Here are some other comments

  • “the plot sucked horribly”
  • “It portrays the Na’vi as Noble Savages who live in harmony with nature.While the idea of peacefully coexisting with nature is good in theory, the Big Bad Wolf doesn’t understand that you want to live peacefully.”
  • “The way humanity is portrayed in Avatar is yet another cliche. Humans are imperialistic, genocidal, uncaring butchers. I call BS.”
  • “the special effects were a work of art, and the plot was ridiculous.”
  • “A lame, annoying, preachy, and manipulative story with 1 dimensional, unlikeable characters.”
  • “As far as the central themes of Environmentalism and Peace go, they are superficial and targetted at morons..”

Targeted at morons. I like that one.

At last, I think I’m starting to understand what’s wrong with professional activism. Groups such as the WWF have tons of money, and tons of staff. But their political analysis, their view of themselves and those with whom they disagree, is as predictable and tepid as dishwater. It never grew up, it never made it out of grade-school (those evil climate deniers are preventing us from moving forward on climate change).

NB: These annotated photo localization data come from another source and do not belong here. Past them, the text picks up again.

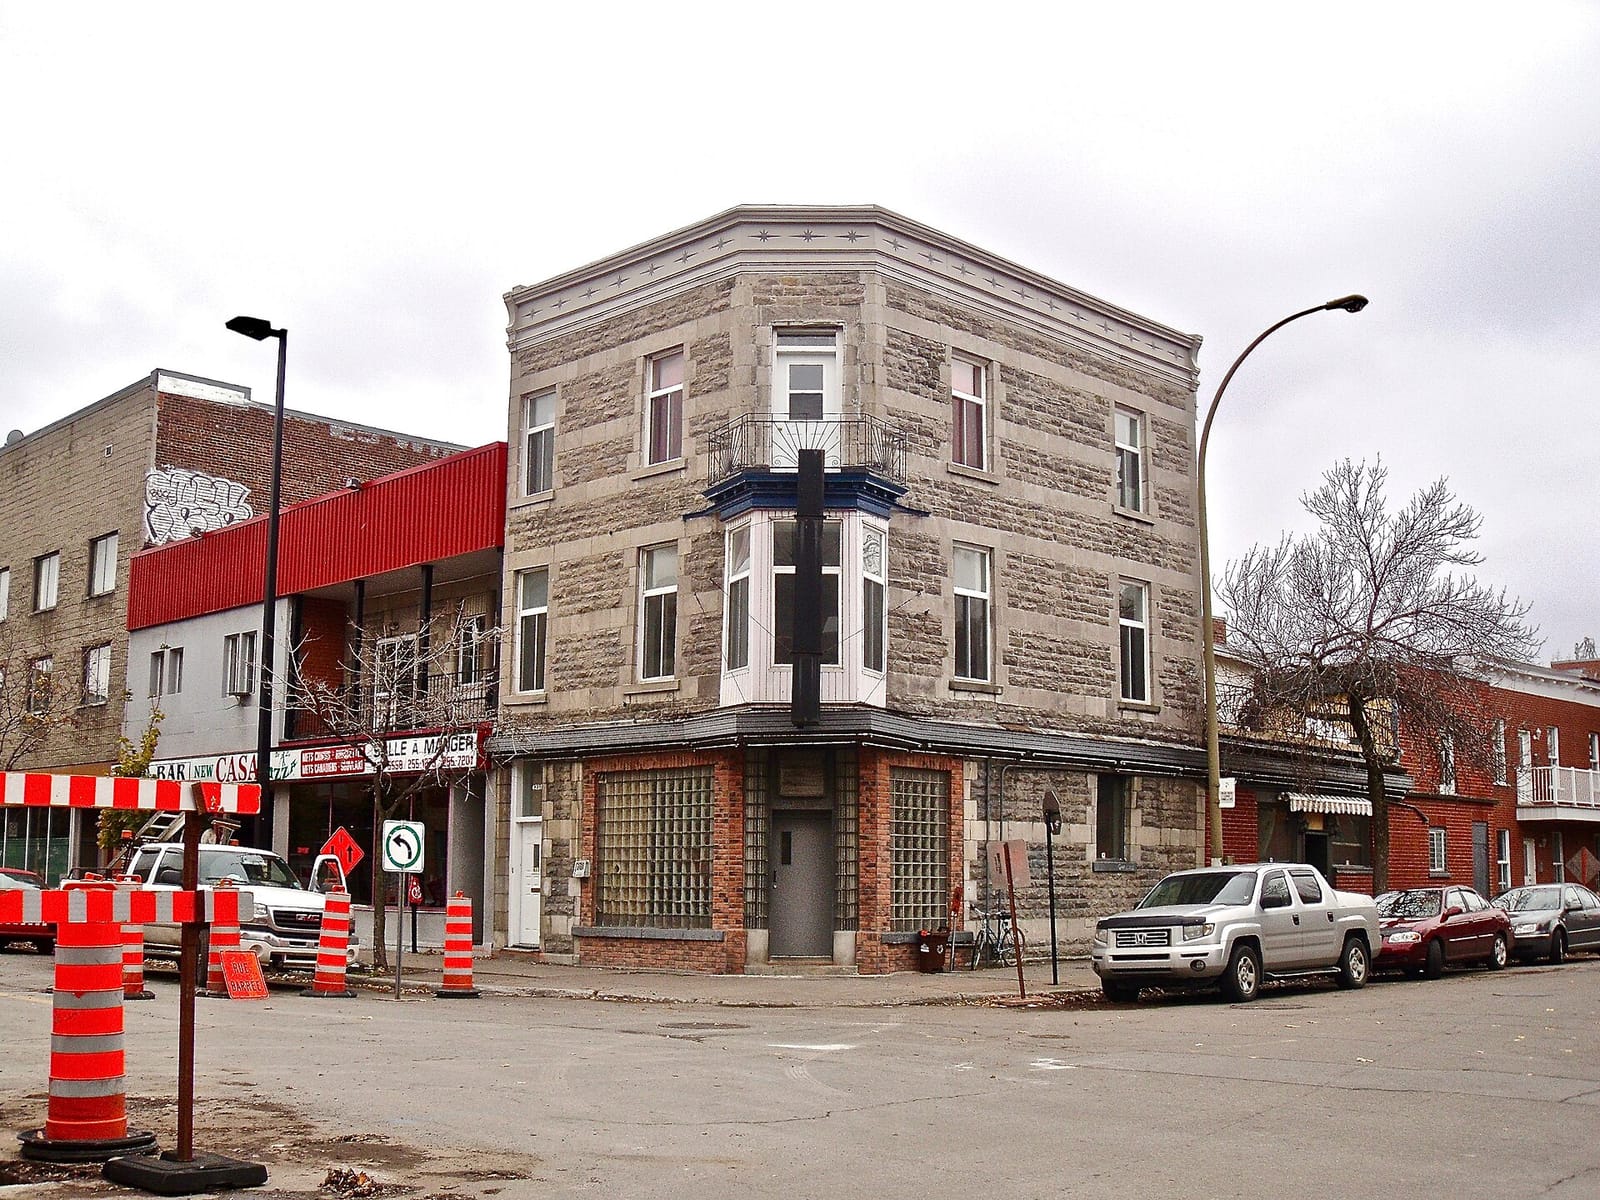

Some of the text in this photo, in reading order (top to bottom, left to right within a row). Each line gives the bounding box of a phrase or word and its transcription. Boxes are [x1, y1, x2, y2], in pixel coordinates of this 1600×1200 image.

[373, 741, 407, 758] SLLE
[424, 735, 474, 754] MANGER
[156, 754, 259, 782] BAR NEW CASA
[295, 913, 320, 922] GMC
[232, 962, 250, 974] RUE
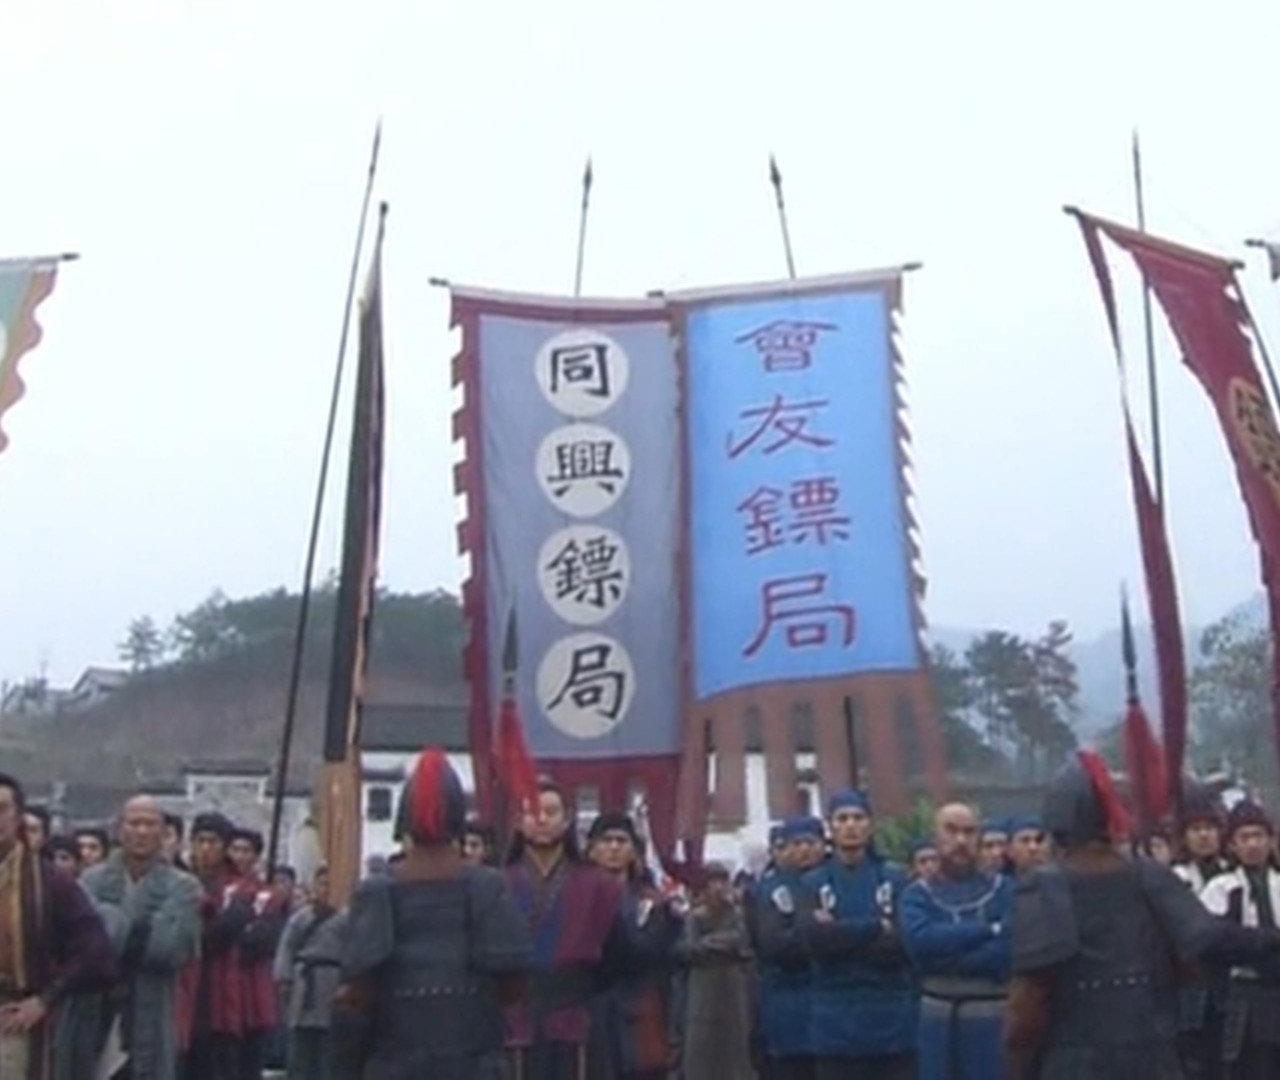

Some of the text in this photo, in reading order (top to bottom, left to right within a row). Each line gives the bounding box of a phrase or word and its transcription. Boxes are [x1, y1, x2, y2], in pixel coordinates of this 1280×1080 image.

[545, 342, 625, 720] 同興鏢局
[726, 318, 857, 660] 會友鏢局
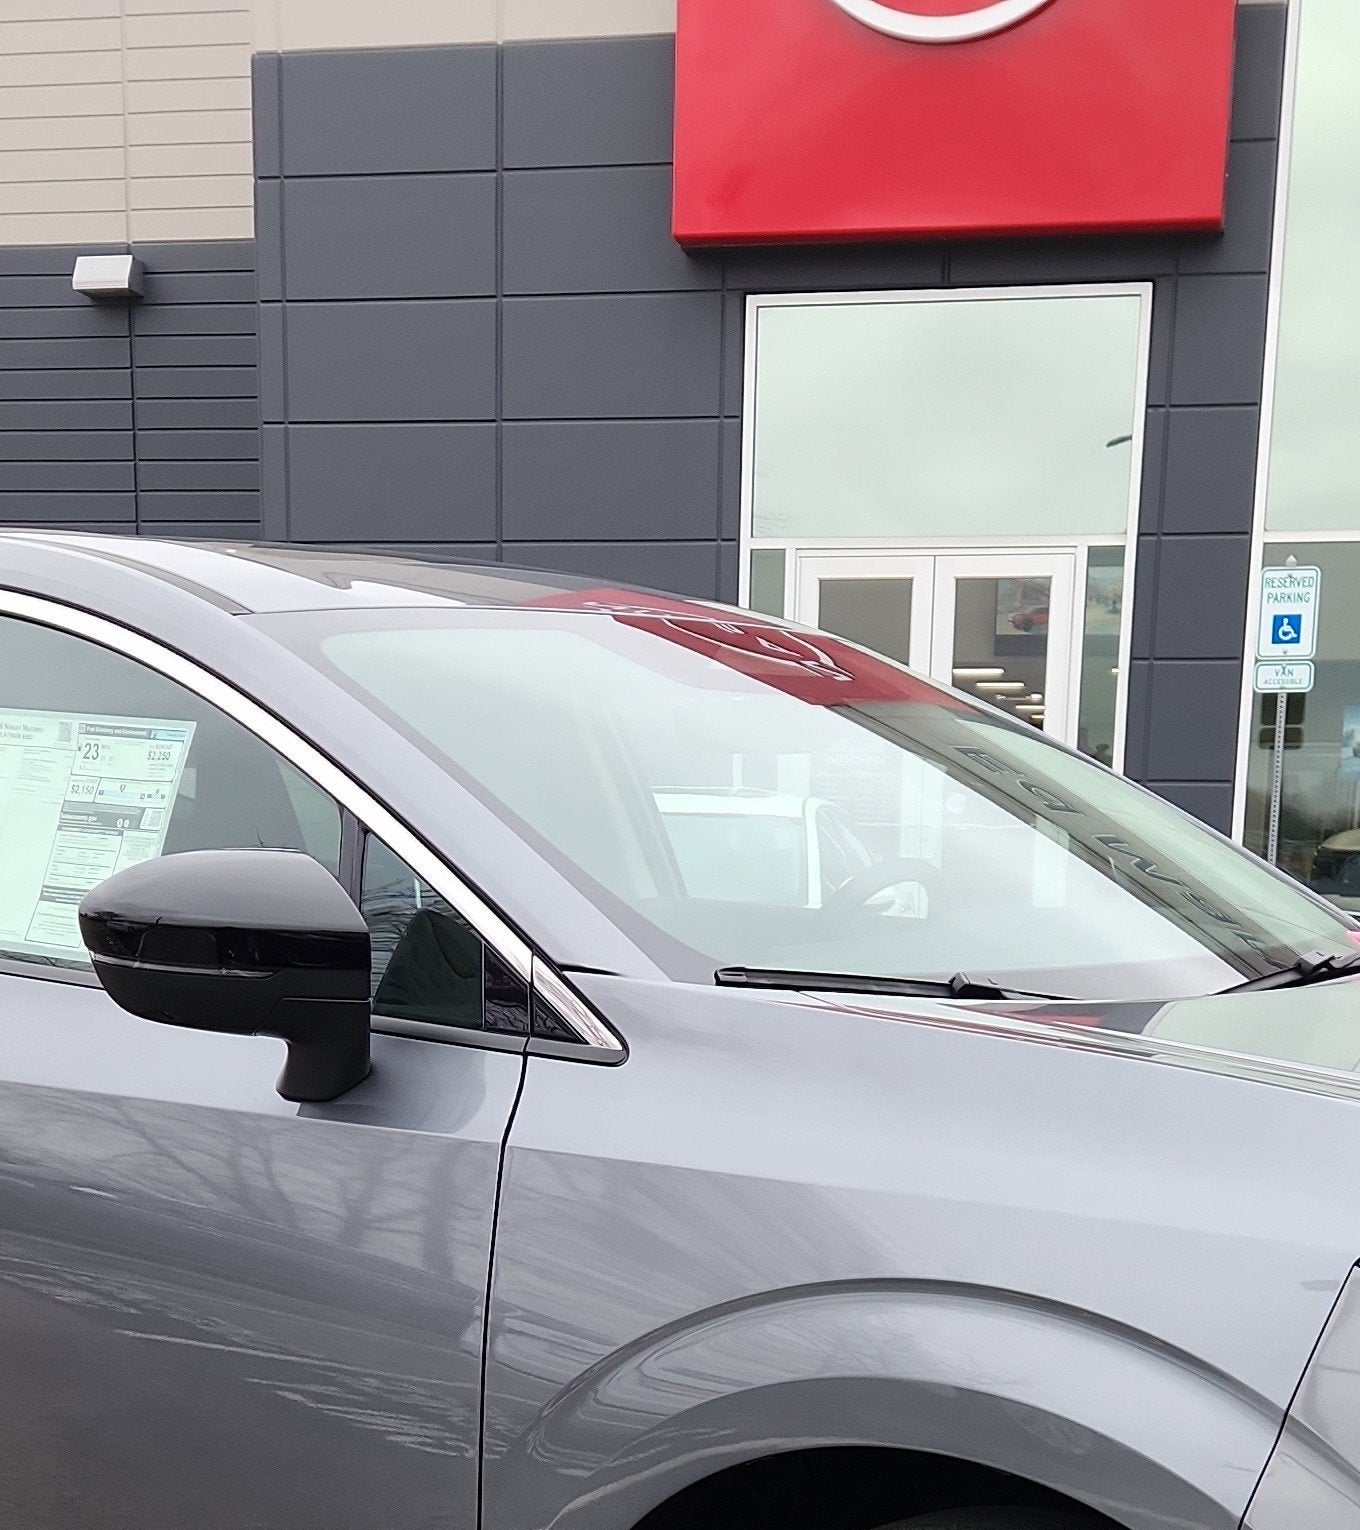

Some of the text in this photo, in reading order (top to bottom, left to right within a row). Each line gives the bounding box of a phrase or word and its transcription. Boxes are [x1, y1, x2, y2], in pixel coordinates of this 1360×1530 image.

[1264, 576, 1315, 589] RESERVED
[1266, 591, 1311, 604] PARKING
[1274, 667, 1294, 678] VAN
[1263, 678, 1303, 686] ACCESSIBLE
[82, 742, 100, 761] 23
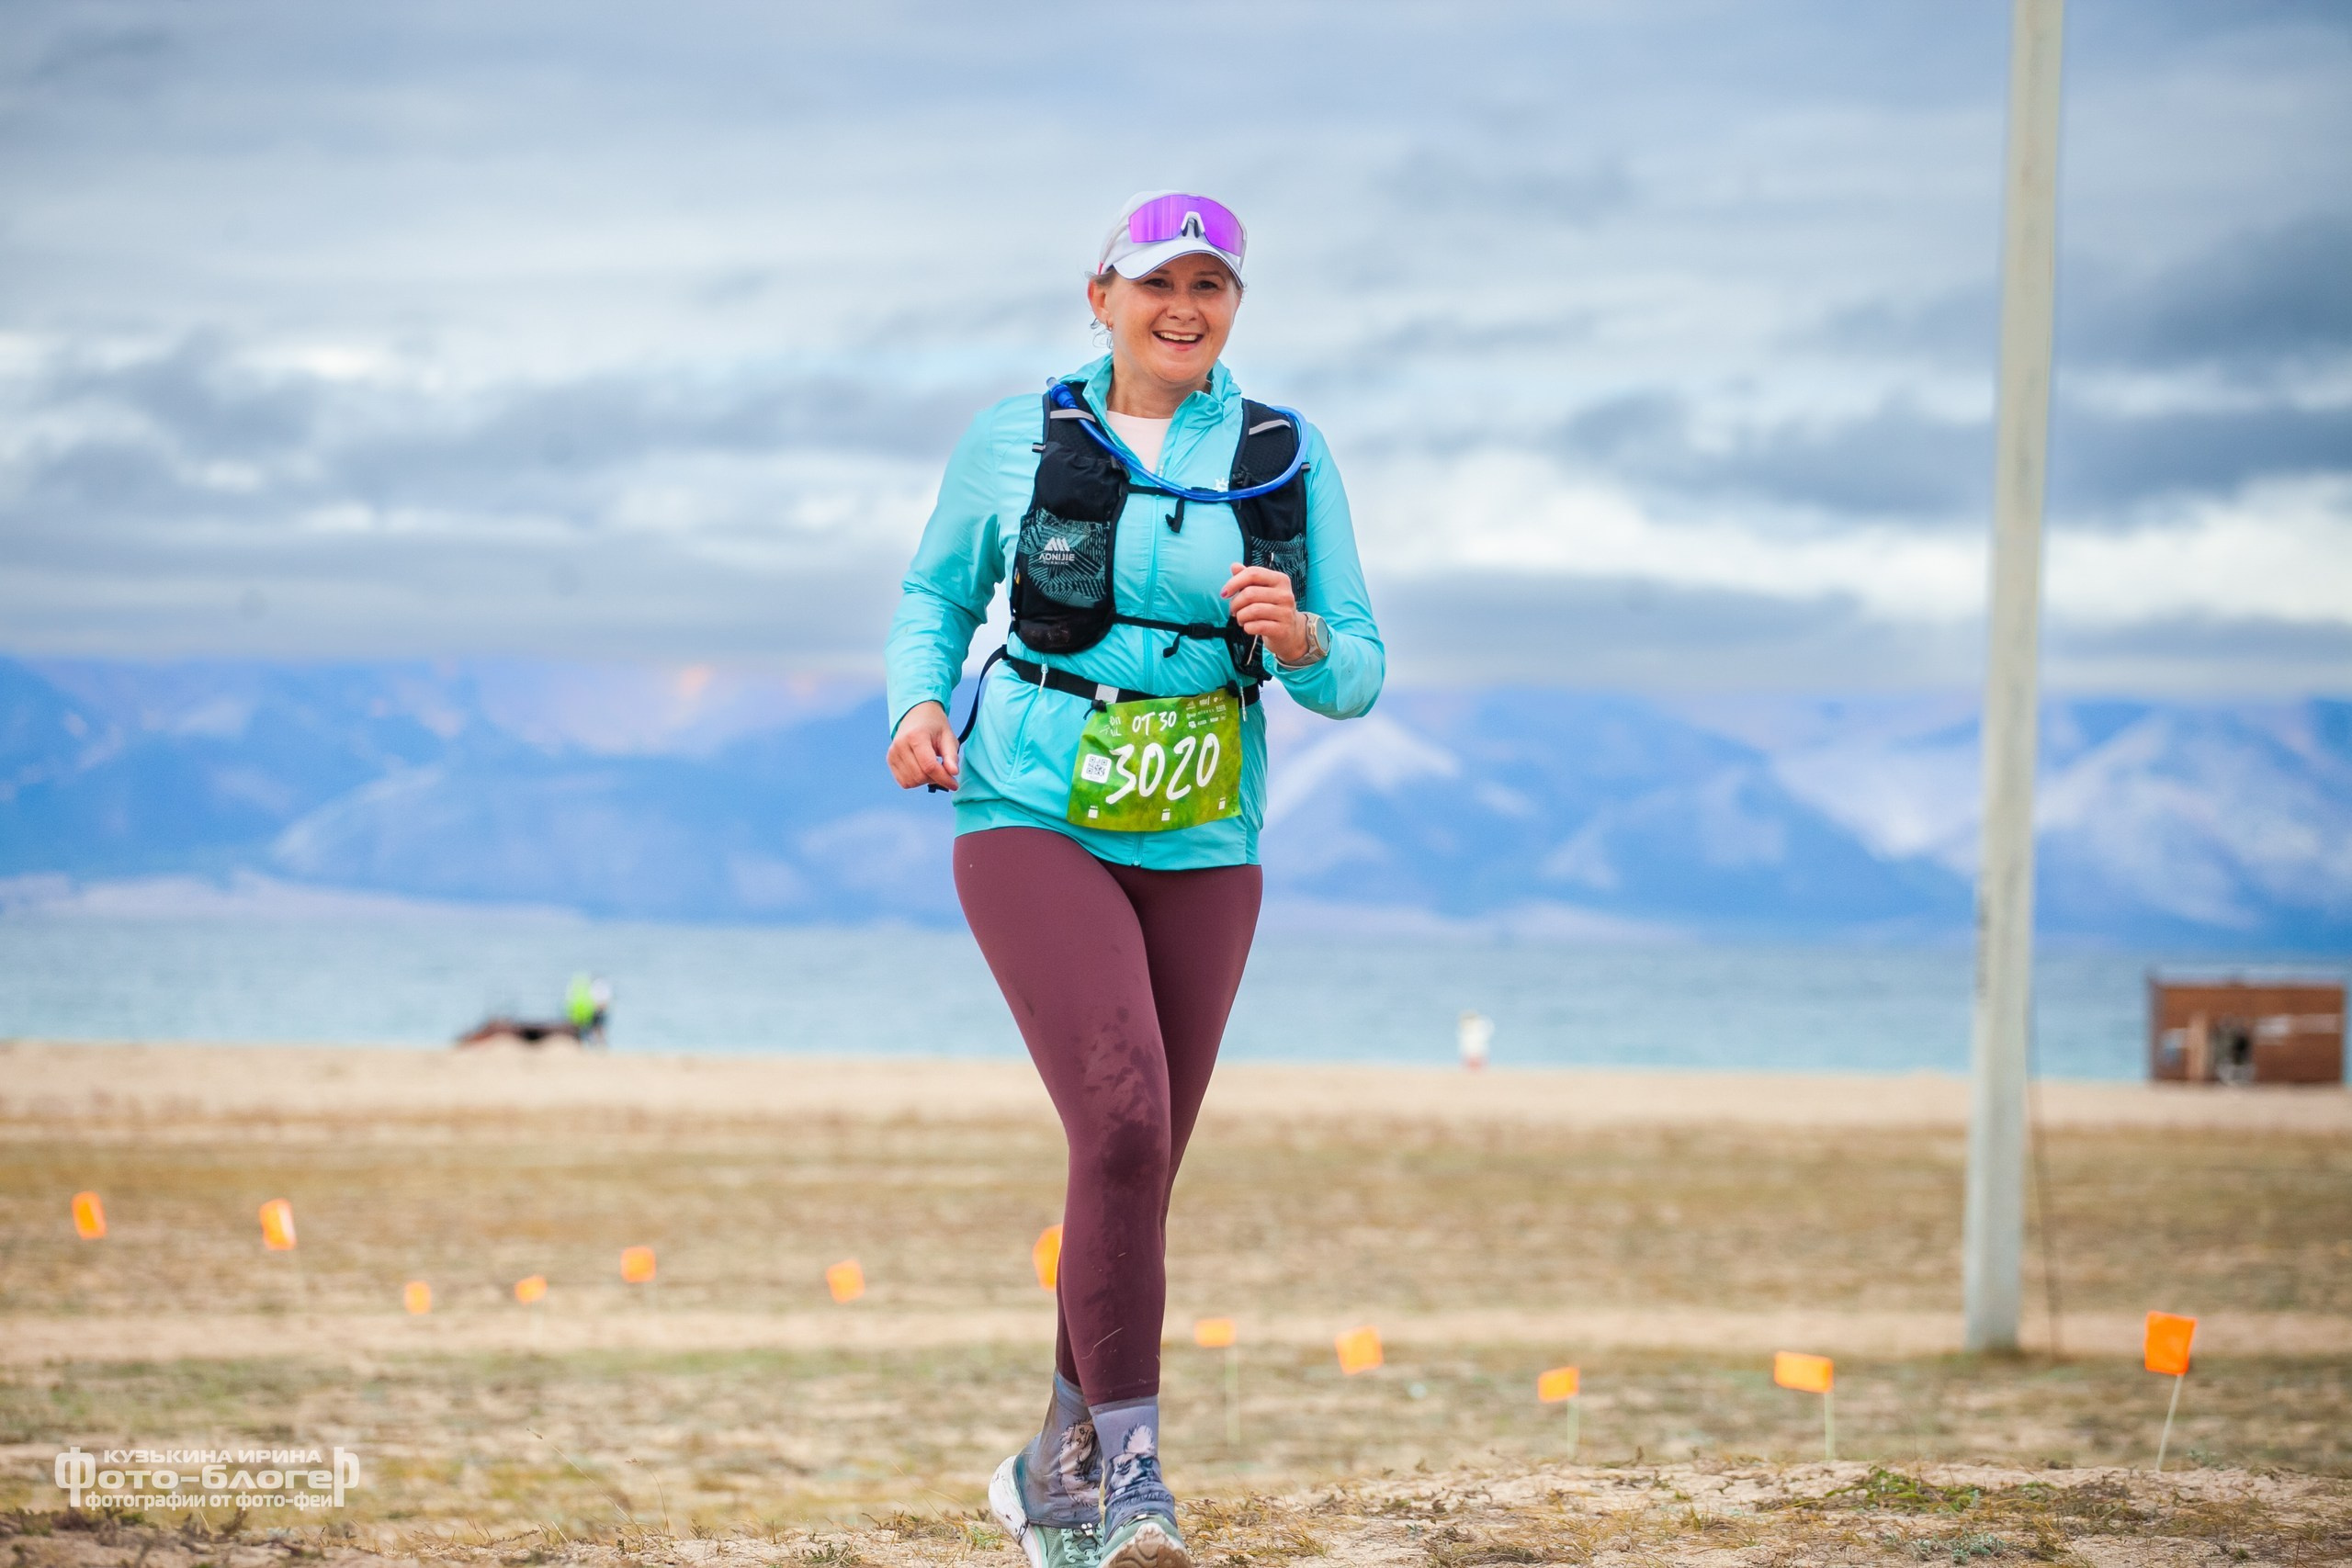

People who are serious take the time to learn about – and understand – their opponents. They take the time to gather accurate information. They change their views of a situation based on this new information.

People who are playing games, the poseurs, prefer to tell themselves elaborate stories in which they and their friends earn imaginary glory slaying dragons that don’t actually exist.

So Avatar is the film the head of the WWF chose when invited to “help guide the way we think about the future.” Amazing.